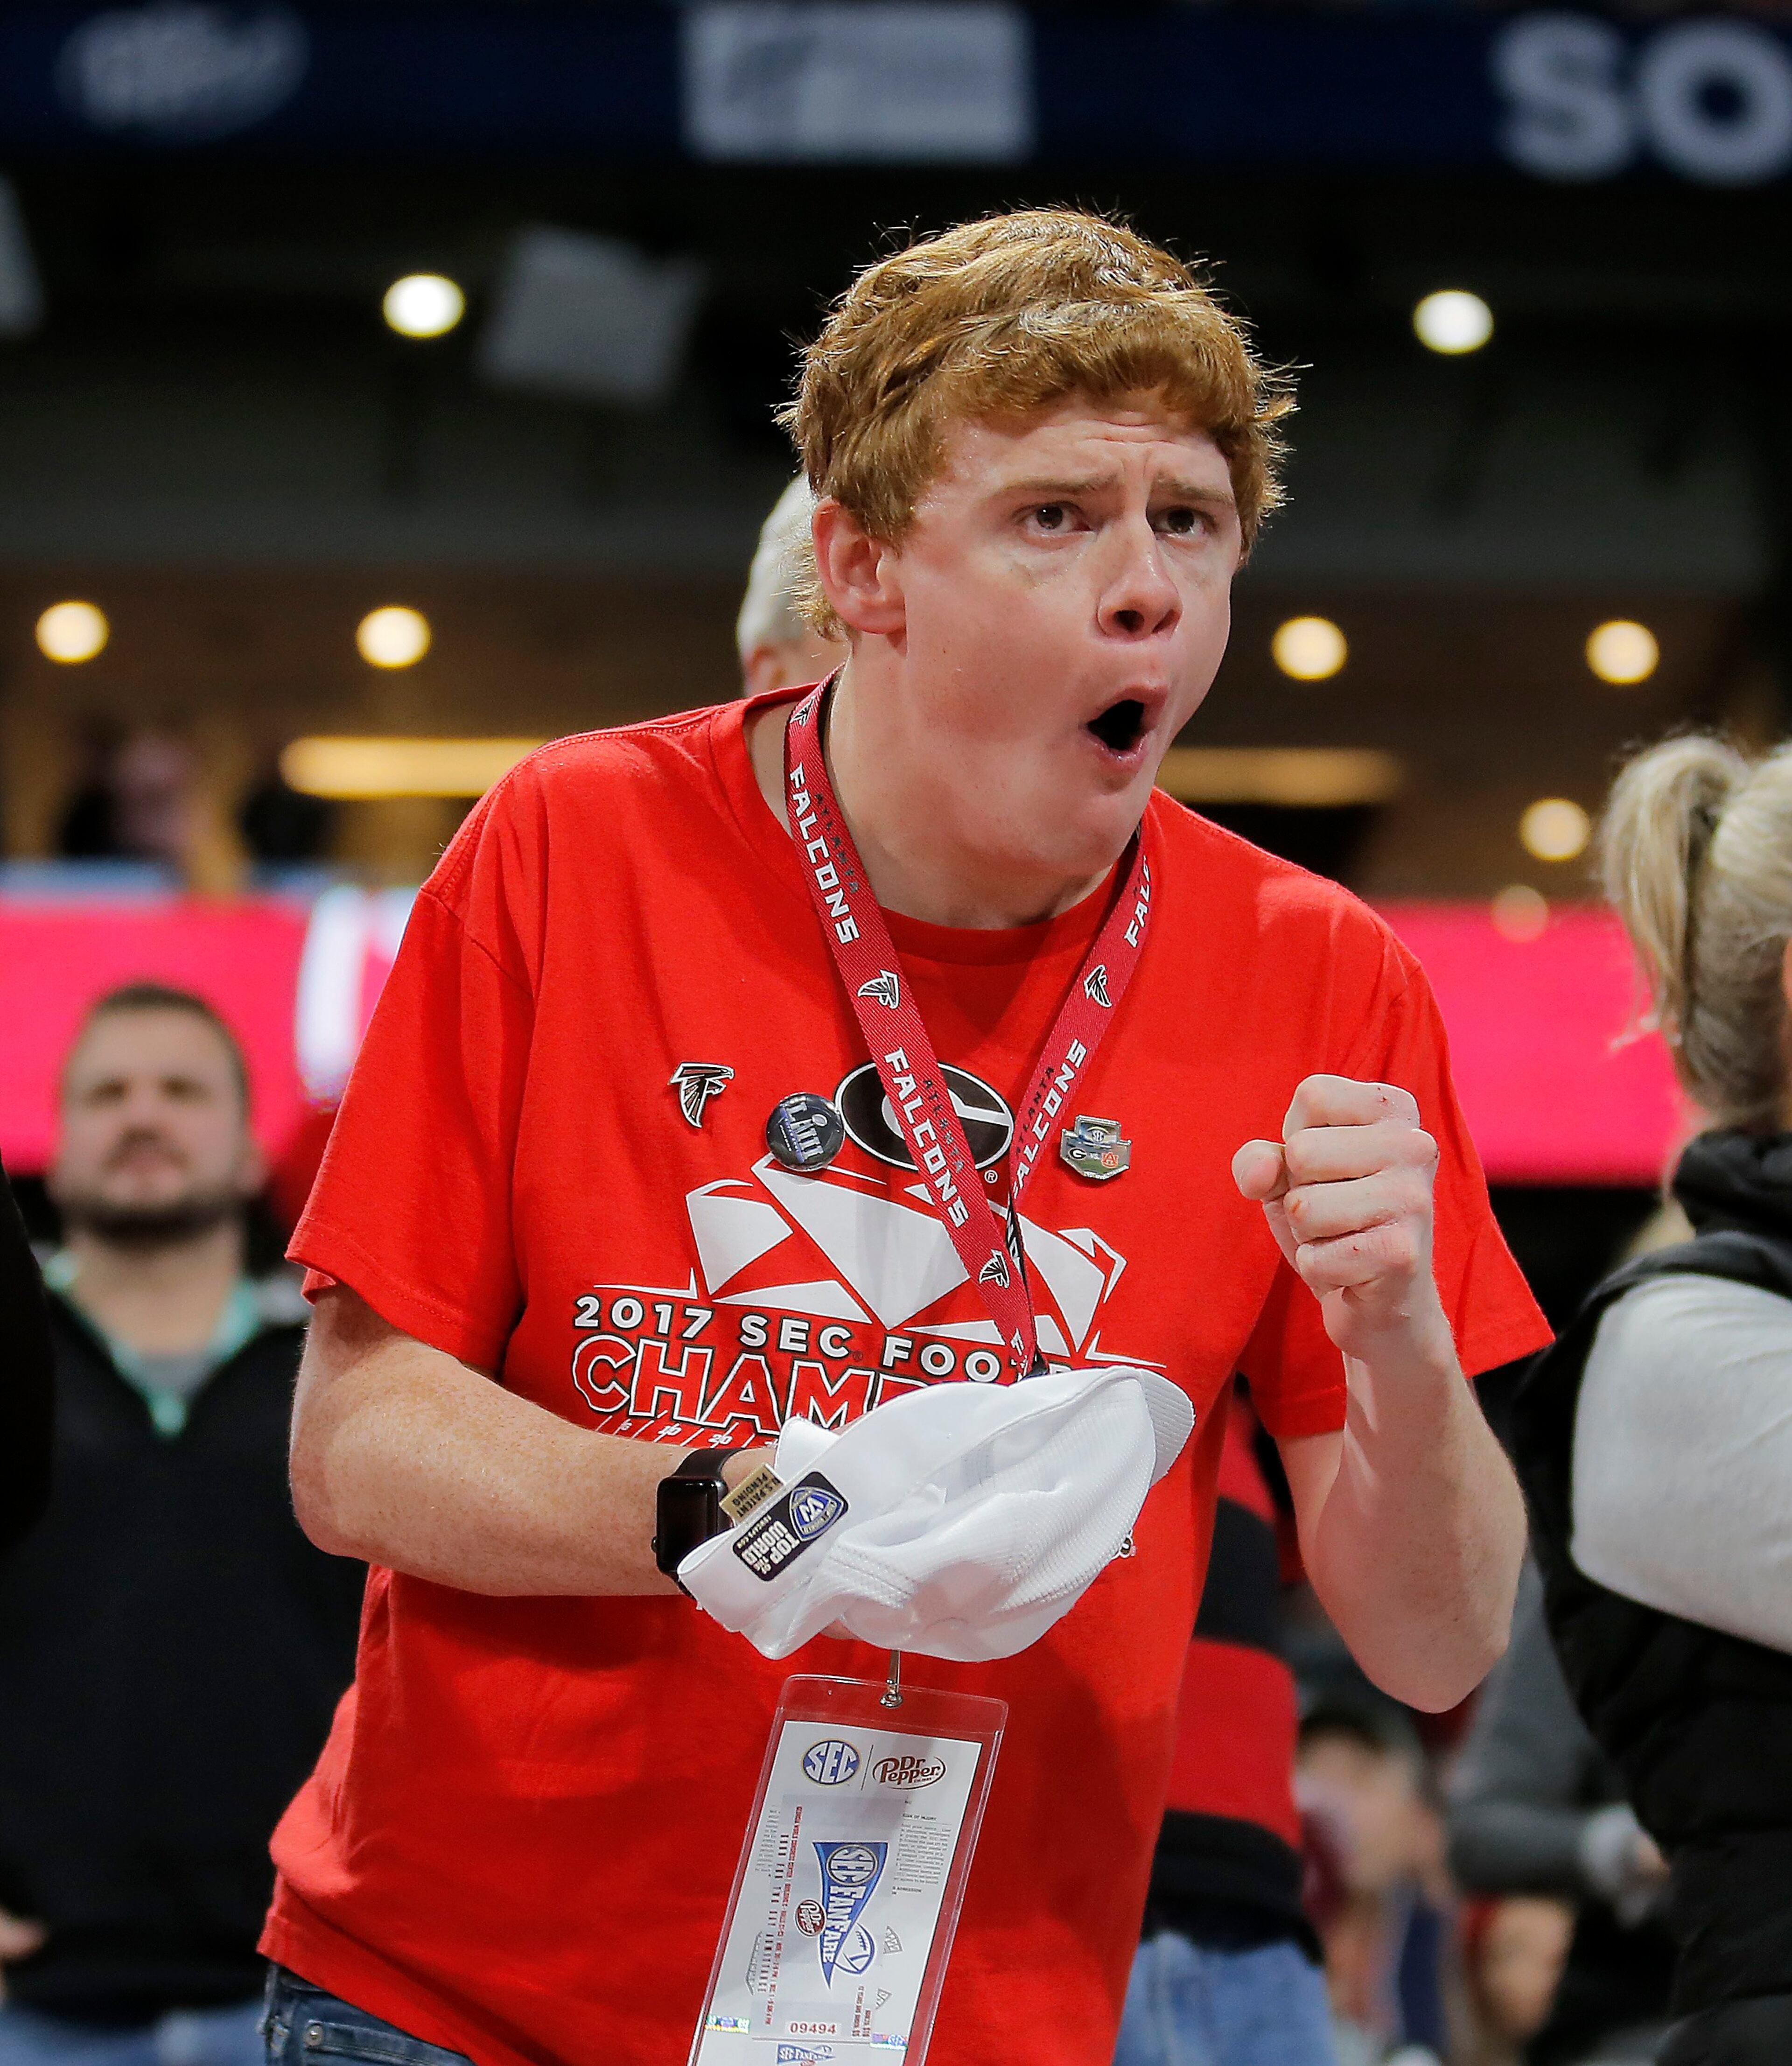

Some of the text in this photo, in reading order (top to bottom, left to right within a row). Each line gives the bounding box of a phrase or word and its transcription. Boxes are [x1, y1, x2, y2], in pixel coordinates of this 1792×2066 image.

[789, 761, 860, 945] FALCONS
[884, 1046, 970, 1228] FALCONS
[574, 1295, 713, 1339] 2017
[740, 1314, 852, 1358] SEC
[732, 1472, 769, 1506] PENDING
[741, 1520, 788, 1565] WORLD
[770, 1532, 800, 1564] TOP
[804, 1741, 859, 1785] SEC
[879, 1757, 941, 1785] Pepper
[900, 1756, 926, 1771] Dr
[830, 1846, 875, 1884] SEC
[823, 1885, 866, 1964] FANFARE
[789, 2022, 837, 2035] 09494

__________

▶ _THE TASK_
All the lines above are to be reproduced exactly, except the pictures.

▶ _YOUR RESPONSE_
Some of the text in this photo, in reading order (top to bottom, left to right within a row). Each line gives the bounding box of a phrase or word and its transcription. Boxes are [x1, y1, x2, y2], in pixel coordinates of this 1792×2066 image.

[789, 761, 860, 945] FALCONS
[884, 1046, 970, 1228] FALCONS
[574, 1295, 713, 1339] 2017
[740, 1314, 852, 1358] SEC
[732, 1472, 769, 1506] PENDING
[741, 1520, 788, 1565] WORLD
[770, 1532, 800, 1564] TOP
[804, 1741, 859, 1785] SEC
[879, 1757, 941, 1785] Pepper
[900, 1756, 926, 1771] Dr
[830, 1846, 875, 1884] SEC
[823, 1885, 866, 1964] FANFARE
[789, 2022, 837, 2035] 09494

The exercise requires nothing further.